During Monday’s Coronavirus briefing with the press, Trump turned the microphone over to MyPillow CEO Mike Lindell—the dude that makes the mostly-comfortable foam-based head-rester—who, after giving self-aggrandizing news regarding their mask-making capabilities, proceeded to, “off the cuff”, tell the American public to read their Bibles.
The Christian one.
To be fair, Lindell actually said that on Nov. 8, 2016, God gave America—a nation that has turned their back to Him, mind you—a second chance at glory with the election of the Godhead Trump and that, perhaps, this will get prayer back in schools, if schools even exist anymore. And then to read their Bibles.
Still the Christian one.
You know, in many forms of post-apocalyptic media, there’s always a self-righteous sect of spiritual sycophants eager to bring forth a terrible Armageddon, believing their defeat over Lucifer and his demonic dum-dums will usher in a return to a 1950s-era (read: Caucasian) of American values they seem to constantly masturbate over.
So, really, when you think about it, we’re right on speculative time for all this…thank God I still have a stack of Petra records and a few Jack Chick tracts lying around. They get read!

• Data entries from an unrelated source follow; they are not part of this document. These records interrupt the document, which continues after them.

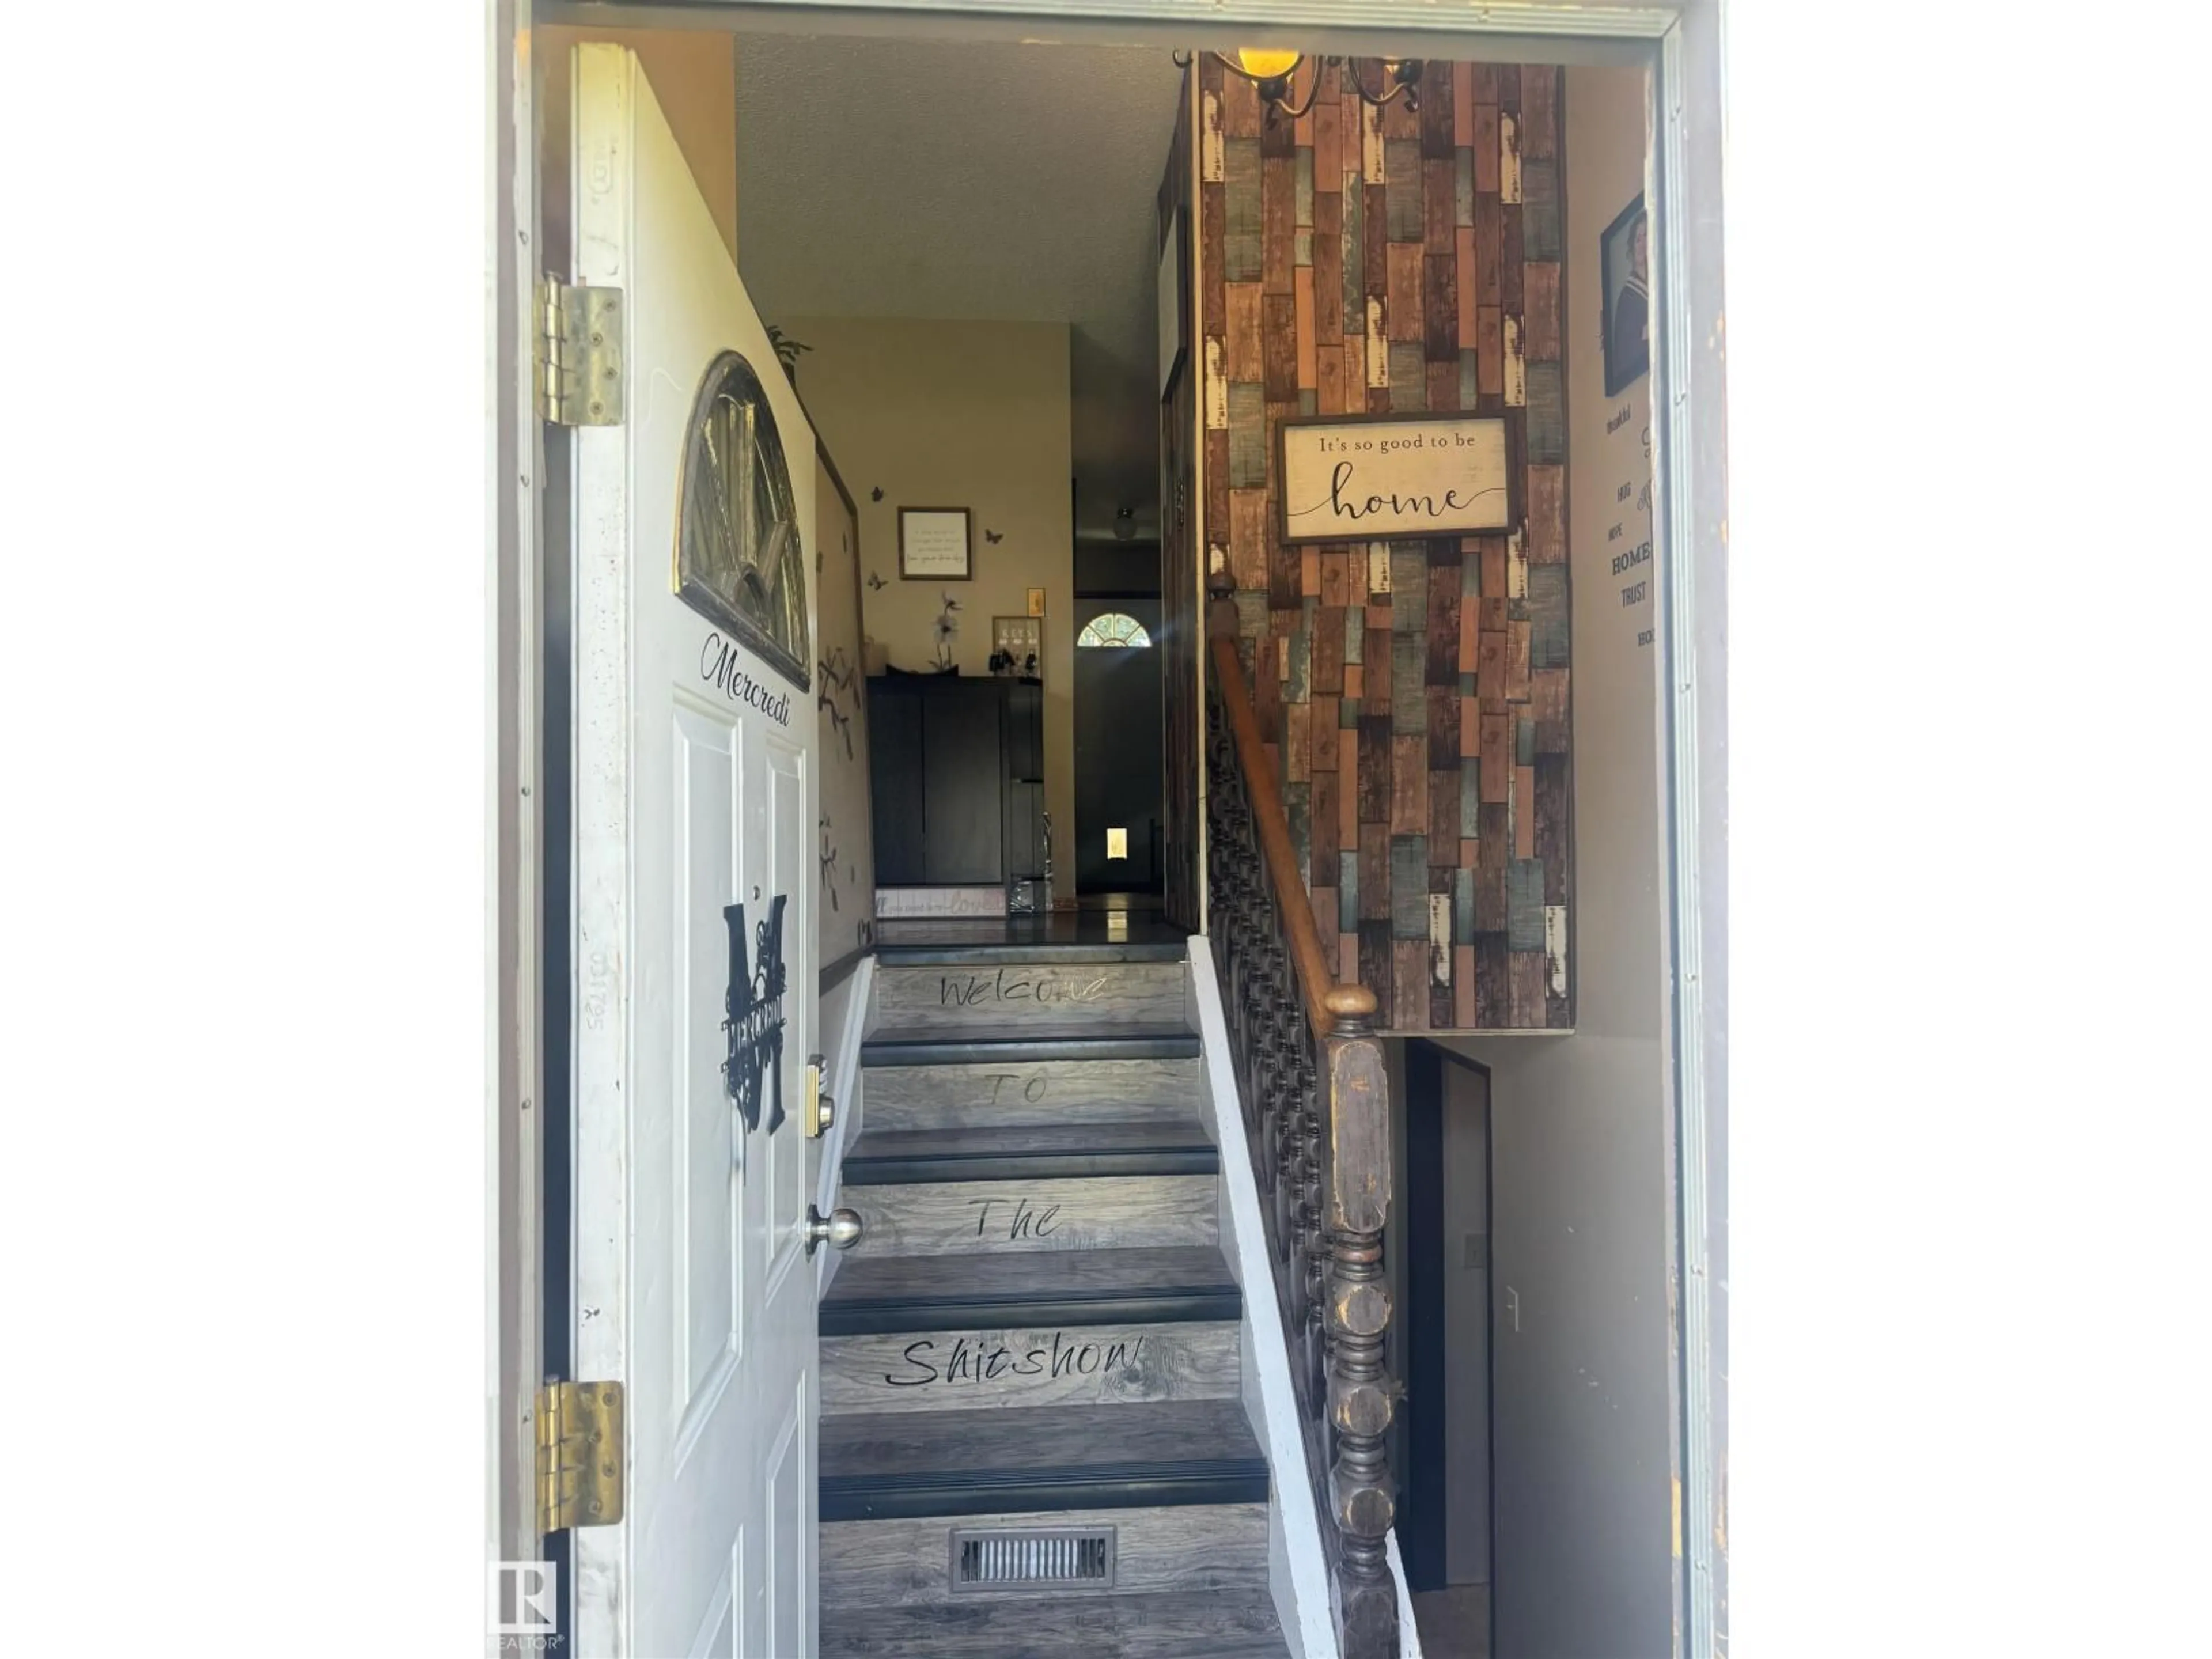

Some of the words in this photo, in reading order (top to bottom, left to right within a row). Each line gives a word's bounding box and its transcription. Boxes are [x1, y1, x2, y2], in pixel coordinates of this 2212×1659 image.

[1319, 436, 1347, 452] It's
[1354, 440, 1373, 450] so
[1380, 433, 1423, 454] good
[1431, 436, 1448, 448] to
[1455, 433, 1476, 447] be
[1287, 461, 1505, 520] home
[1611, 541, 1650, 576] HOME
[1620, 581, 1646, 609] TRUST
[701, 632, 790, 727] Mercredi
[969, 1198, 1063, 1240] The
[885, 1331, 1144, 1386] Shitshow

Before you start taking your wholly holy anger out on me—I can see it ramping up—I will admit, I’m a tenuous believer, possibly the only one around here. Sure, I left my area church of five years sometime back after finding out they were a dangerous—to me, at least—fundamentalist cult, but I’ve never ever lost my faith in God, even if I really should have by now.

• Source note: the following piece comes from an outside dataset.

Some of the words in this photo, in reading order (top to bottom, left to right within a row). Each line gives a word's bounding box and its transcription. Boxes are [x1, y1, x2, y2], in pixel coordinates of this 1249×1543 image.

Praying is a beautiful thing, one that can help give us strength through times of strife, static or, you know, global pandemics. But it seems that Trump and his devilish disciples are—especially down here in Oklahoma, where Governor Stitt recently held a government-sponsored televised worship service—using people’s untested faith to push a morally dangerous and typically unbiblical agenda that will hurt those they consider to be the unchosen.
But, I guess to get to the End Times, what are a few million dead immigrants or gays or atheists or…
How about, instead of believing that God is some bearded wizard in the sky that grants you (or doesn’t, if you’re bad) wishes—as many Christians do these days—having faith in a God, whatever that may be, who judiciously blesses different people with a keen aptitude for science and that talent will develop a cure for Covid-19?
Sure, they may be an immigrant or gay or atheist, but, to paraphrase the modern Christ-like figure of Bono, God moves in mysterious ways. He’s God—he doesn’t have to answer to you or me or, especially, Trump.
But, more than likely, as the Four Horsemen gallop across the Earth, I’ll just be labeled another false prophet, a damnable heretic and a charlatan apostle that, really, should be burned alive by the brain-boiling fever of this fucking flu. So it is written and so it shall be done.